Any malicious use of computer technology is a cyber attack, and phishing shows the importance of understanding social engineering. Even the most sophisticated cyberattacks deployed by advanced persistent threat (APT) teams involve social engineering at some point during the attack. It is much easier and more effective for an external attacker to break into the network through someone with a privileged user account than to attempt a frontal attack or exploit using entirely different technologies.
And once an attacker has tricked someone into granting them access to a privileged user account, the attacker can continue without anyone else. Often, they can even upgrade privileges from an account with limited privileges to root privileges.
Phishing is one of the most common ways that cyber attackers fool people into giving them account access. Phishing is when an attacker pretends to be a trusted entity, such as your bank, utility company, employer, government agency, Amazon, Apple, or Google. To make phishing easier, attackers mimic emails, websites, web apps, text messages, or social media posts from a trusted entity.
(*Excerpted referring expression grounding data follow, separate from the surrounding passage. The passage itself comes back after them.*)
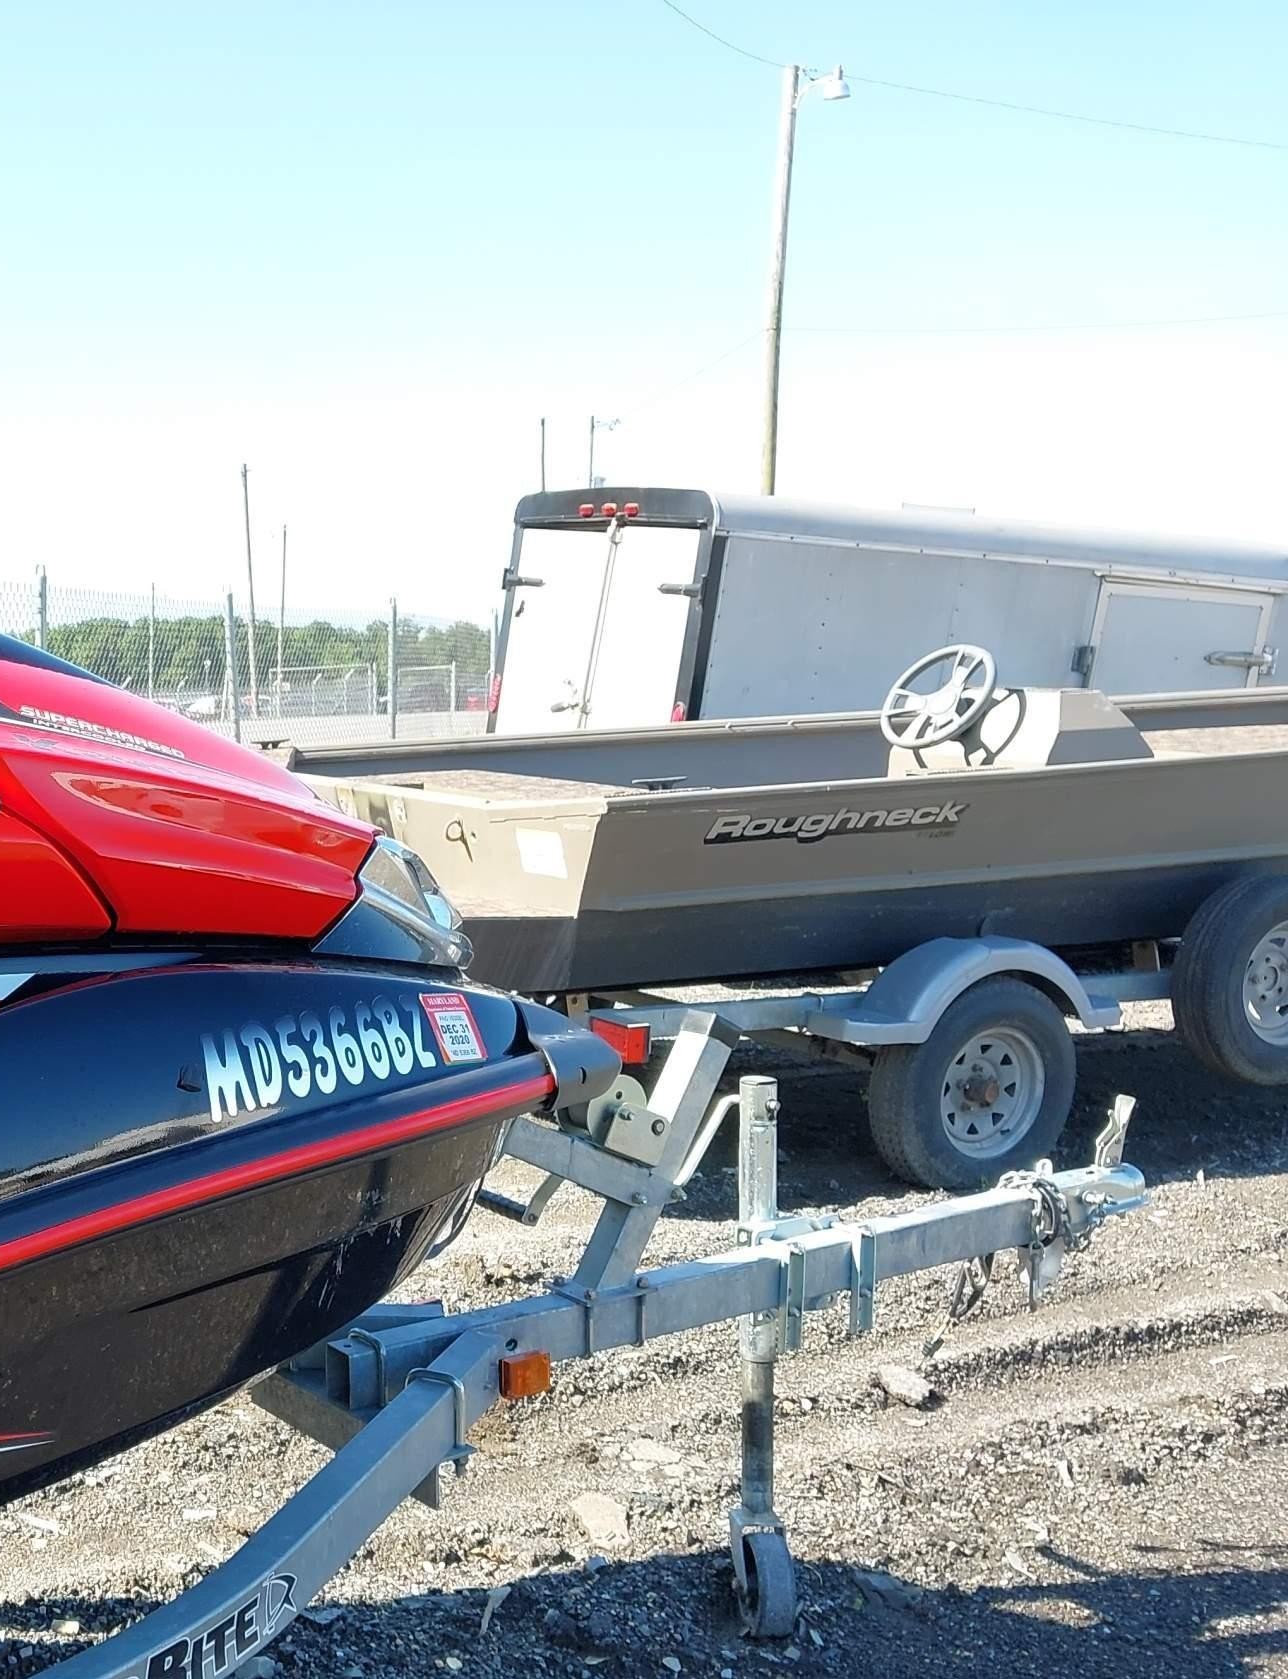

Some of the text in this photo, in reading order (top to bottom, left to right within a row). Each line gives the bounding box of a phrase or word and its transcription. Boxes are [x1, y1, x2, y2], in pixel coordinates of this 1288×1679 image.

[20, 705, 185, 759] SUPERCHARGED
[705, 801, 968, 841] Roughneck
[440, 1023, 470, 1034] DEC 31
[449, 1034, 471, 1045] 2020
[202, 995, 436, 1123] MD5366BZ
[146, 1592, 261, 1679] RITE
It’s easier than ever these days, because you can easily buy scam kits on the Dark Web, to mimic specific companies, service providers, and government agencies. body. This phishing kit includes trusted websites, messages, and images.
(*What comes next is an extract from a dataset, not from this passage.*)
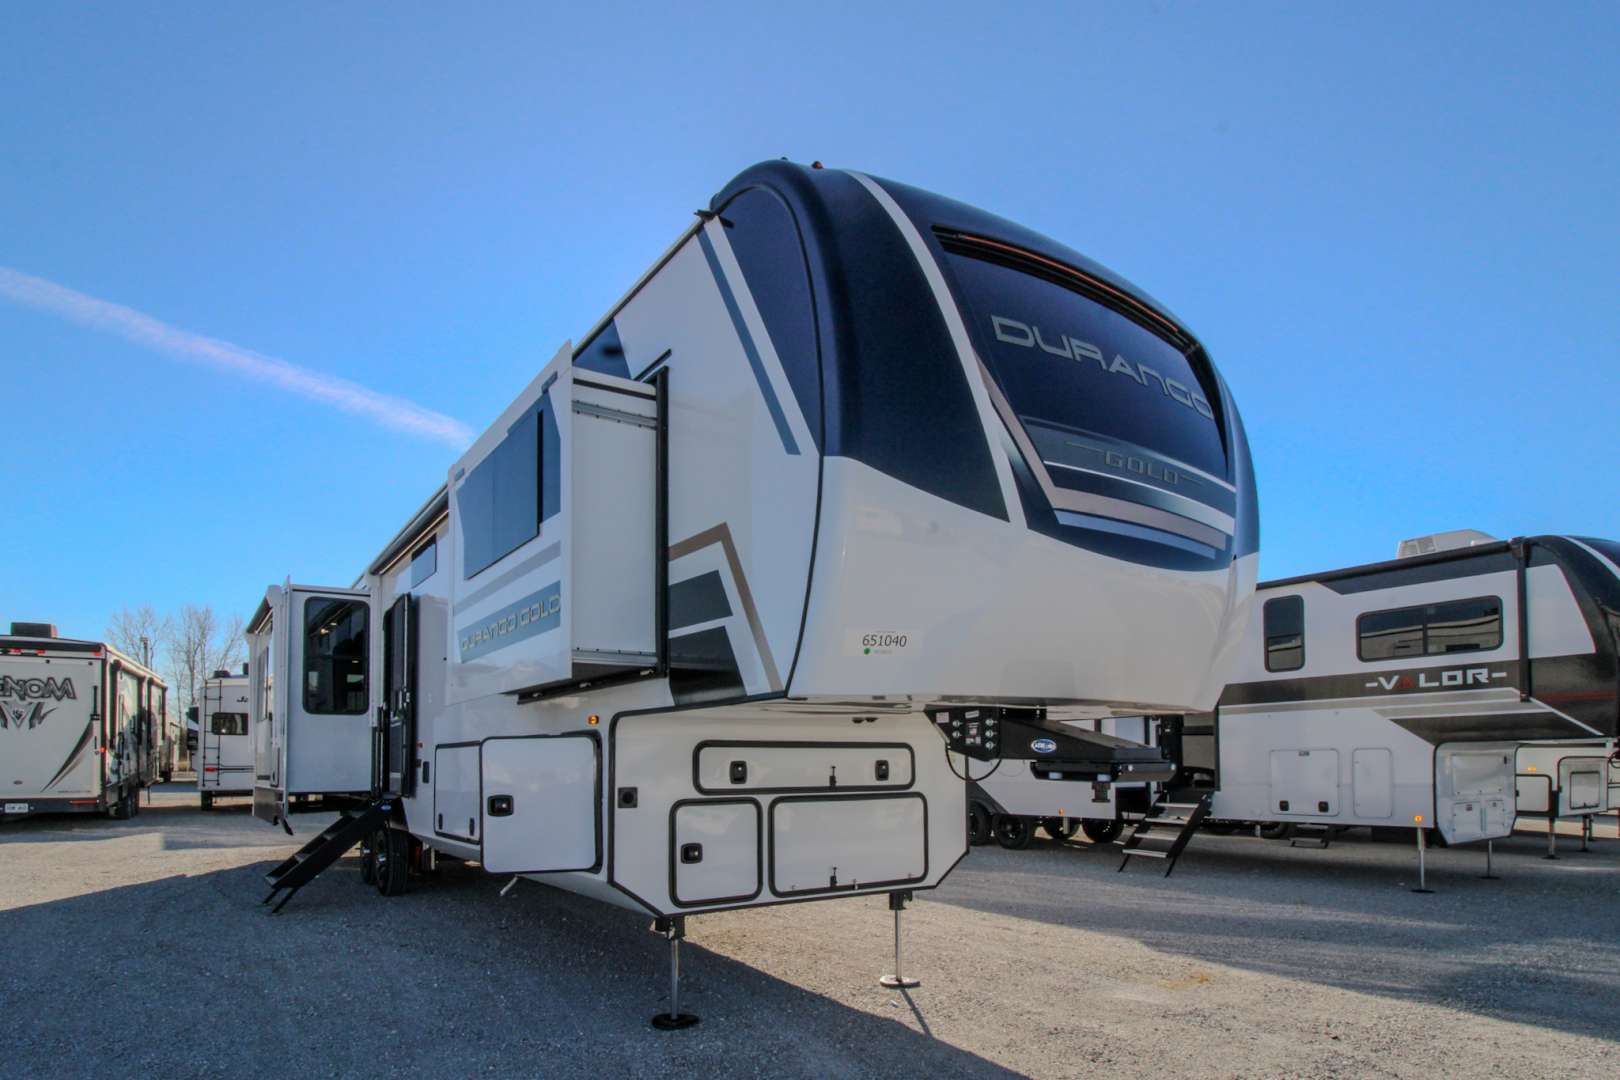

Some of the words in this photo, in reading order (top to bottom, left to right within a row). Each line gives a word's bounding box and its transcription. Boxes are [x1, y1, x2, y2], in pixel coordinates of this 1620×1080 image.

[1105, 450, 1178, 485] GOLD
[521, 595, 561, 625] GOLD
[862, 634, 908, 647] 651040
A typical common phishing attack usually goes something like this. Users receive an email that is identical to the emails they receive from their internet service provider, or bank. “A hacker may have hacked into your account, click here to change your password now” If a user clicks on the link, they will be directed to a phishing site that looks exactly like the website official. This website can infect the user’s machine with malware. That site may also have a change password form asking for the user’s current password. The attacker has the user’s real password and may have also infected their phone or PC with spyware or malware.
So here are the 5 most dangerous online scams for you to watch out for.
The John Podesta . Scam
When John Podesta, Hillary Clinton’s campaign manager in 2016, was successfully scammed in March of that year, he gave us a great example of how powerful people are being targeted by cyber attackers. How is the goal.
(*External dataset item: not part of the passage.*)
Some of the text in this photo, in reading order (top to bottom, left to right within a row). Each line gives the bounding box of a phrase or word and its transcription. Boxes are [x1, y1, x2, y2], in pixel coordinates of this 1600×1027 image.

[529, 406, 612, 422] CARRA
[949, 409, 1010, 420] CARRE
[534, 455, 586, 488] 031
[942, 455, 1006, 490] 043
The phishing attack targeting Podesta is known as spear phishing. Spear phishing targets a specific individual, and often attackers will research their target quite thoroughly so they can prepare social engineering methods. Many other phishing attacks are just a sidebar, they can target Canadians in general, people with Scotiabank accounts, for example. Spear phishing will target a specific person, be it because of their power or privileged access.
In March 2016, Podesta received an email from an attacker posing as Google. The email said someone in Ukraine tried to access his Google account and asked him to click a link to change his Google password. The campaign’s IT team advised Podesta to go directly to Google’s website, set up 2FA, and avoid clicking on email links. But he clicked the link.
Sensitive data revealed in the attack appeared on WikiLeaks and revealed much private information about the Clinton campaign. It was a nightmare for the Clinton campaign.
COVID-19 relief scam
This phishing campaign from 2020 is a great example of how phishing attacks can exploit people’s financial desperation.
The November scam emails were from the IRS (US tax agency) and promised $1,200 in COVID-19 relief. “More action is required to accept this payment to your account. Continue here to accept this payment…”
This link leads to a scam site that mimics the IRS’s Get My Payment website. Many victims have shared personal and financial data with cyber attackers.
Scam on Ubiquiti Networks
Ubiquiti Networks is a technology company in the United States. In 2015, a highly detailed online phishing campaign targeted the company’s Chief Accountant. The attacker impersonated their CEO and lawyer.
While impersonating the CEO through phishing emails, the attacker forced the targeted CEO to transfer large amounts of money to different accounts to facilitate a supposedly secret acquisition. of the company.
Ubiquiti Networks only learned about the hack when the FBI contacted them. $46.7 million was lost in this scam.
Christmas Eve Charity
The Christmas holiday season is a time when many people feel they need to show their generosity towards charitable causes.
Cyber attackers have exploited these emotions. The FBI warns people to avoid the following email scams:
“If you receive an email purporting to be from a charity, do not click on the links. Because it can download viruses to your computer or phone. Look out for charities names that sound a lot like well-known charities, as well as email addresses that don’t match the fundraising charity. Instead, search for a charity using an internet search engine to make sure you’re working with a real charity.”
Crelan Bank Phishing Attack
In January 2016, Bank Crelan, a major financial institution in Belgium, became the victim of a stealthy phishing campaign.
The attackers compromised the email accounts of company executives. From there, the attackers forced employees with internal financial access to transfer large amounts of money to the attacker’s account.
This attack cost Crelan Bank about $75 million and was only discovered through an internal audit.
As you can see, phishing attacks can target anyone. They have varying degrees of sophistication. The best defense is to be aware of them and contact trusted agencies directly instead of clicking on links in emails, text messages, and social media posts.